From top to bottom, print the listing word for word and skip any pictures it contains.

---- INFORMATION PROVIDED

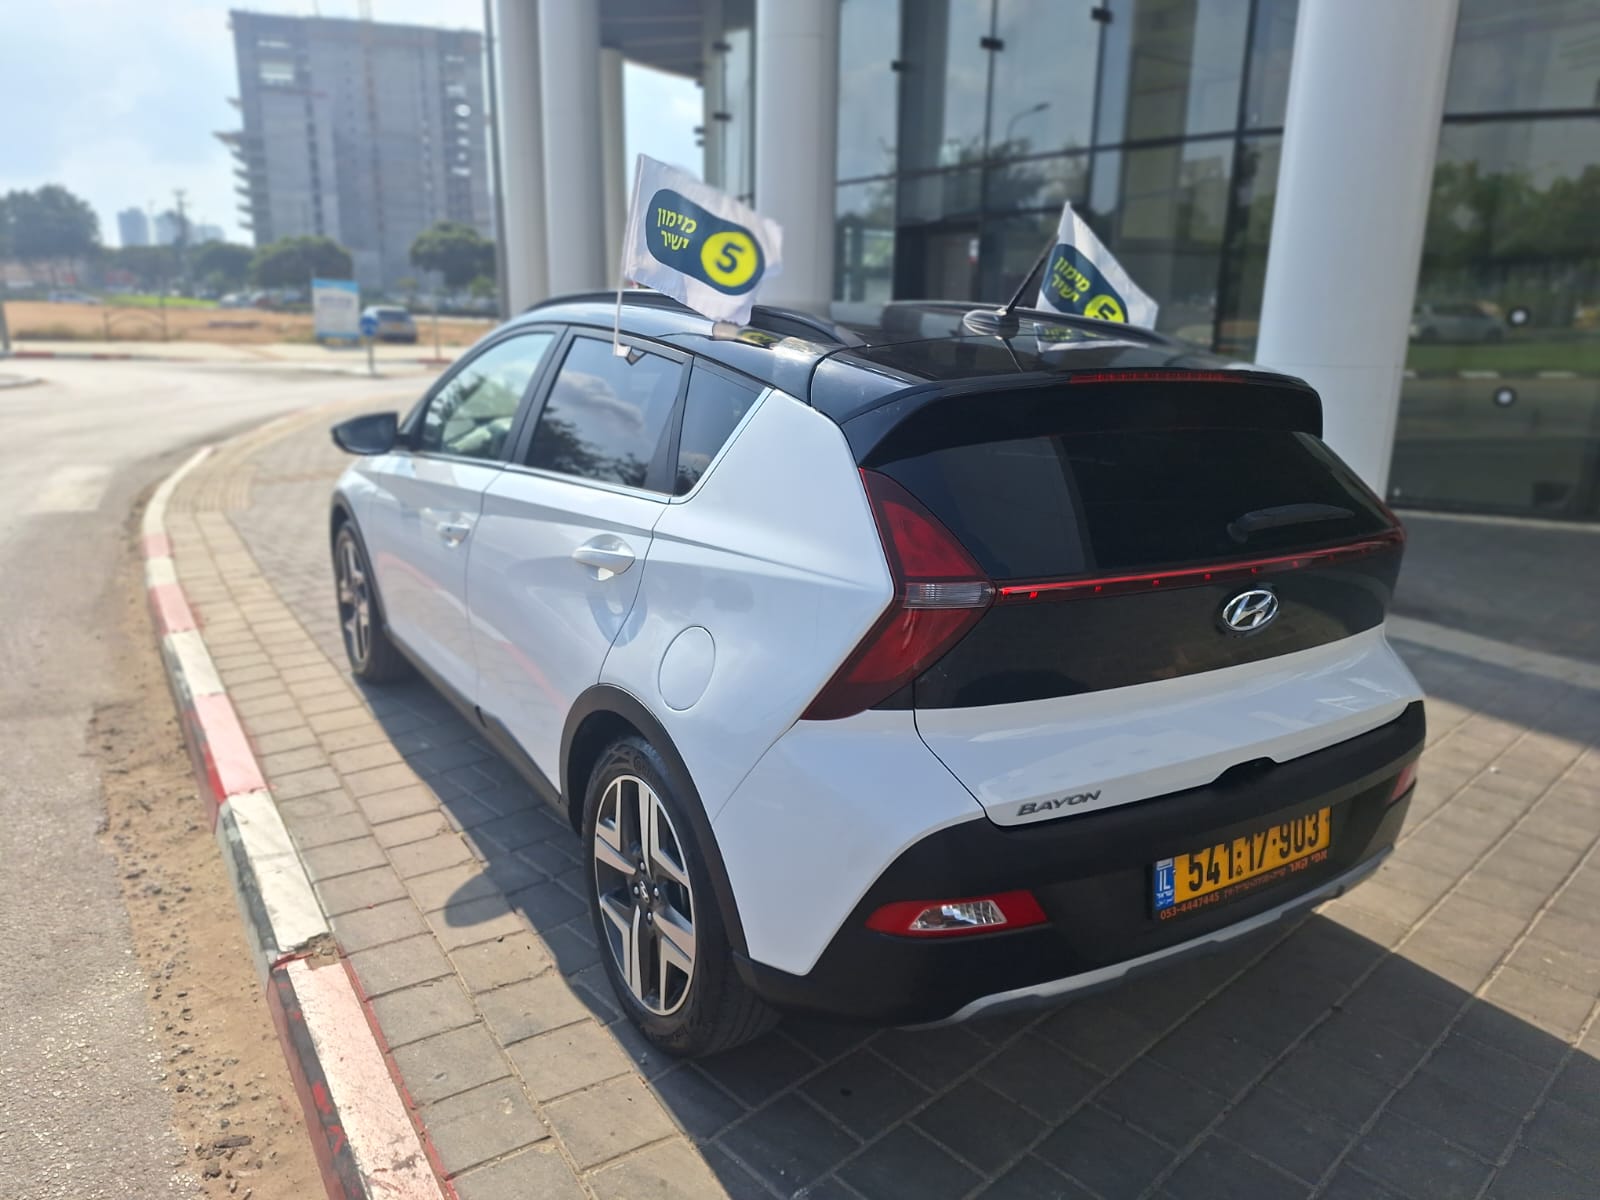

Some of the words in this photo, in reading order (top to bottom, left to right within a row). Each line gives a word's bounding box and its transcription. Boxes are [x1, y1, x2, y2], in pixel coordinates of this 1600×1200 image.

[657, 207, 697, 234] מימון
[661, 230, 690, 251] ישיר
[715, 241, 744, 274] 5
[1053, 256, 1091, 292] מימון
[1016, 789, 1102, 816] BAYON
[1159, 869, 1171, 891] IL
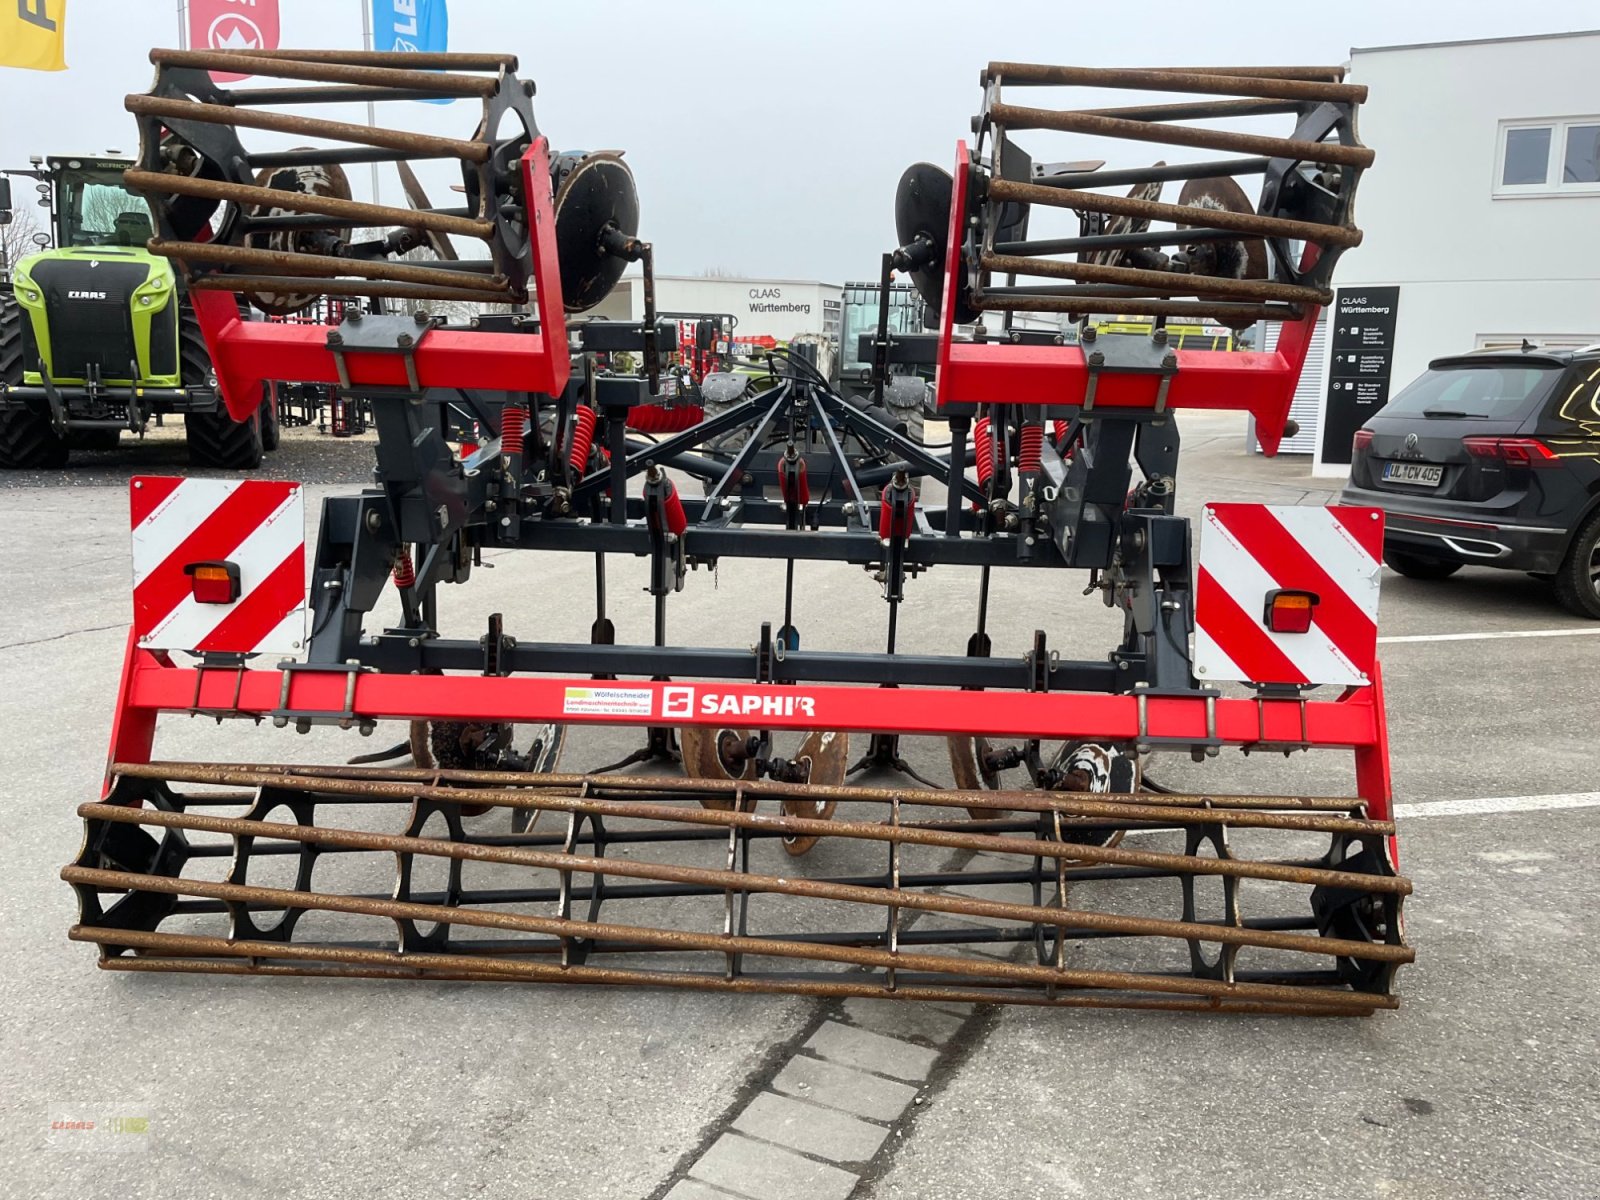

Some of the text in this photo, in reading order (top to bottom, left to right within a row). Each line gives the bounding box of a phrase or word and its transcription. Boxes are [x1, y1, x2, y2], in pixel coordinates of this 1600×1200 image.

[68, 290, 107, 300] CLAAS
[749, 288, 781, 299] CLAAS
[1341, 297, 1368, 305] CLAAS
[749, 302, 811, 315] Württemberg
[1340, 306, 1390, 315] Württemberg
[1390, 464, 1402, 478] UL
[1421, 467, 1442, 482] 405
[700, 693, 815, 717] SAPHIR
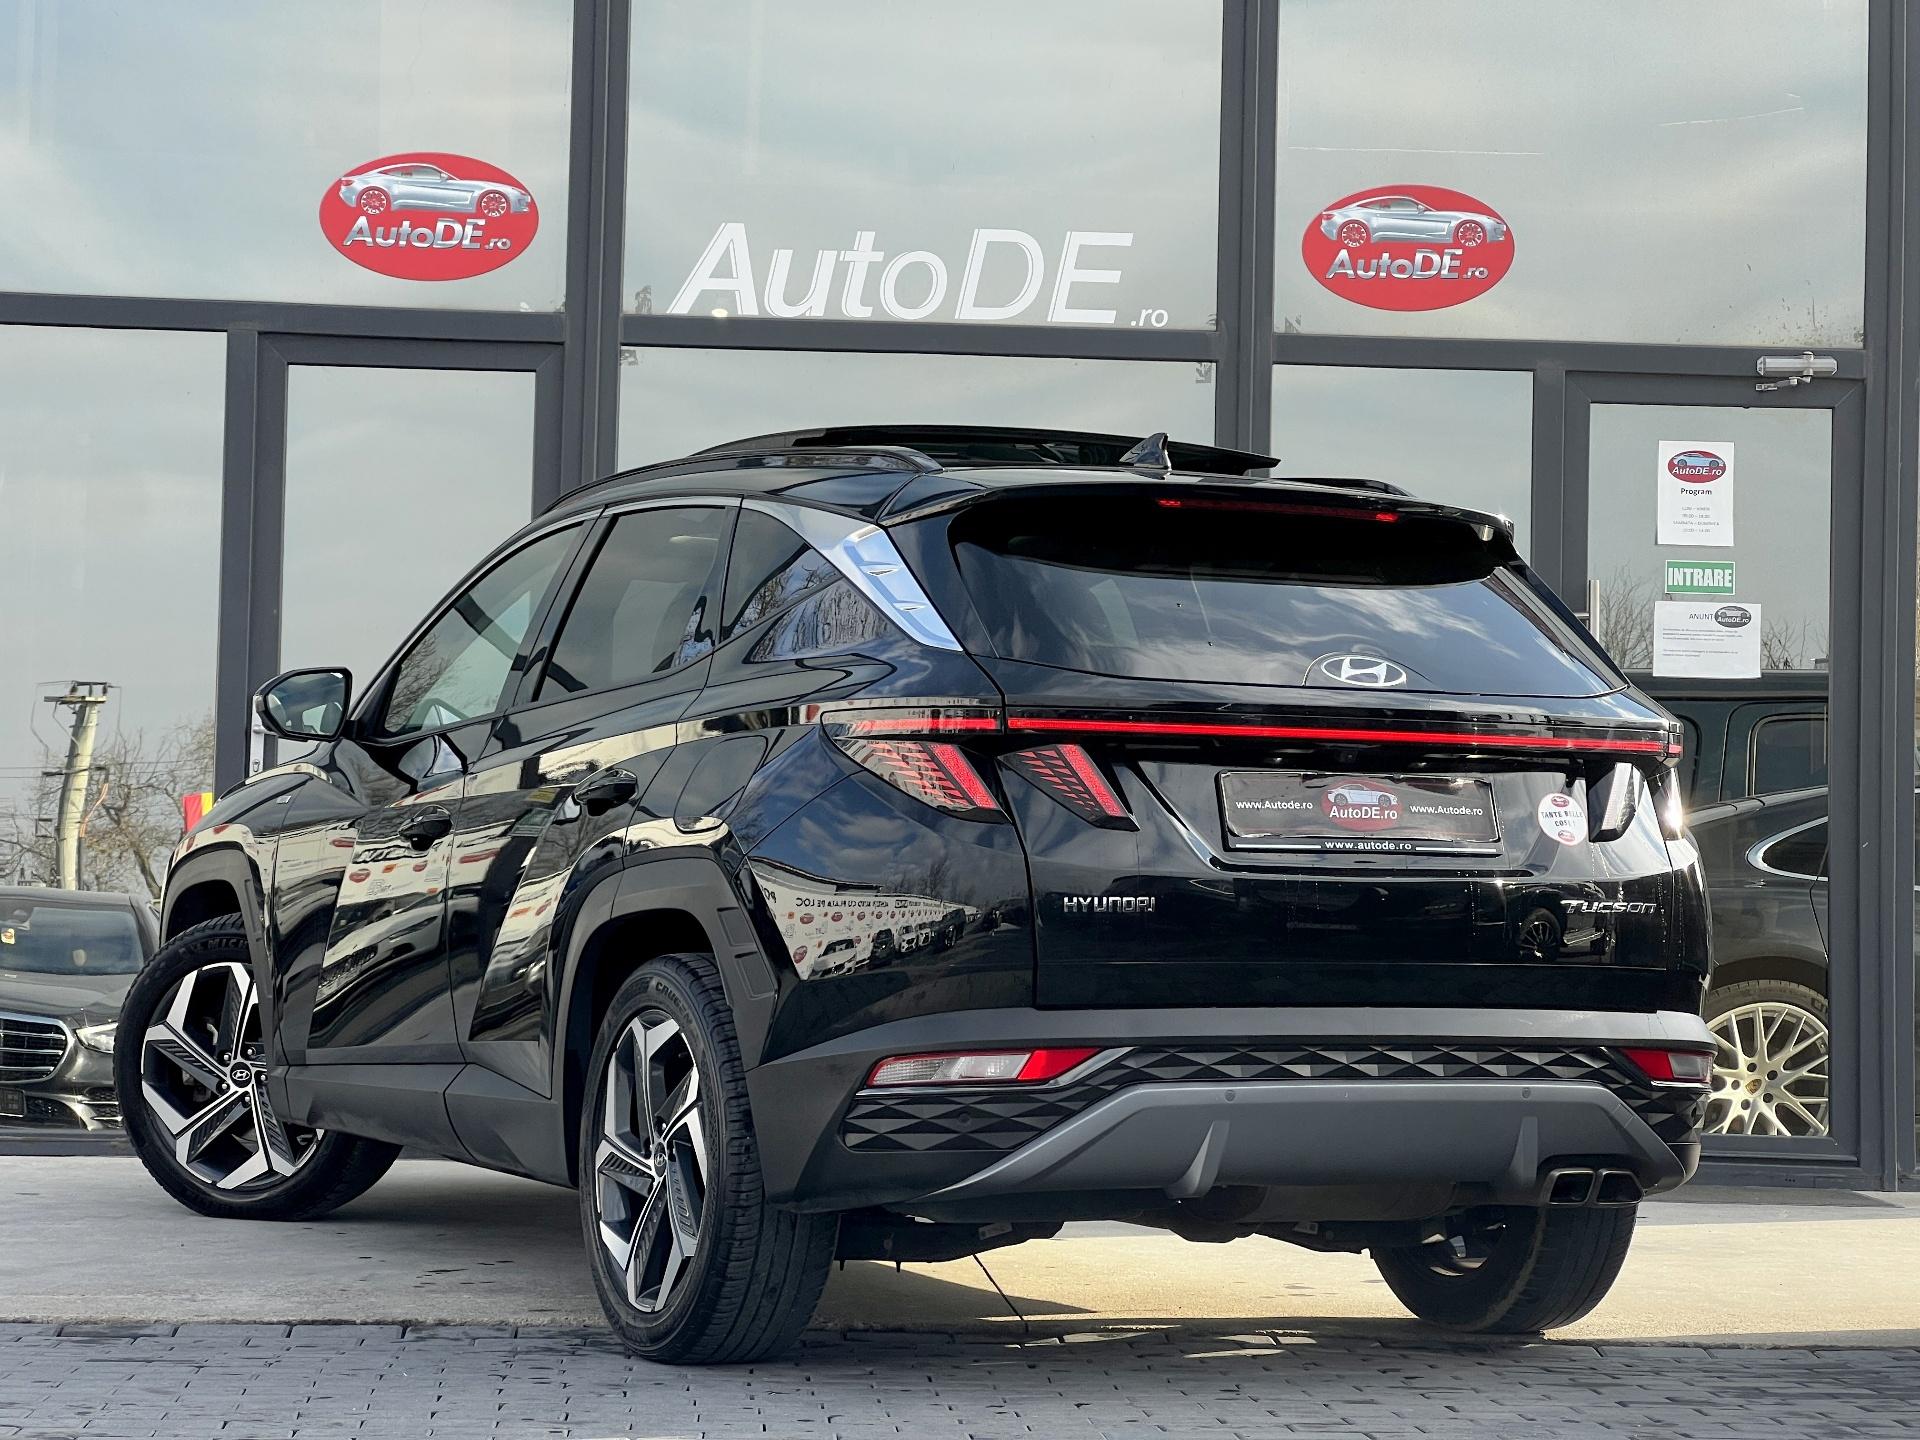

--------

# [PROBLEM SOLUTION]
Some of the words in this photo, in reading order (top to bottom, left to right within a row). Each line gives a word's bounding box and its transcription. Boxes are [x1, y1, x2, y2], in pixel coordinates of this 1600×1200 image.

[657, 207, 697, 234] מימון
[661, 230, 690, 251] ישיר
[715, 241, 744, 274] 5
[1053, 256, 1091, 292] מימון
[1016, 789, 1102, 816] BAYON
[1159, 869, 1171, 891] IL

Some of the text in this photo, in reading order (top to bottom, left to right within a row). Each line gives the bounding box of a phrase or word and its transcription. Boxes are [x1, y1, x2, y2], in pixel coordinates of this 1600×1200 image.

[68, 290, 107, 300] CLAAS
[749, 288, 781, 299] CLAAS
[1341, 297, 1368, 305] CLAAS
[749, 302, 811, 315] Württemberg
[1340, 306, 1390, 315] Württemberg
[1390, 464, 1402, 478] UL
[1421, 467, 1442, 482] 405
[700, 693, 815, 717] SAPHIR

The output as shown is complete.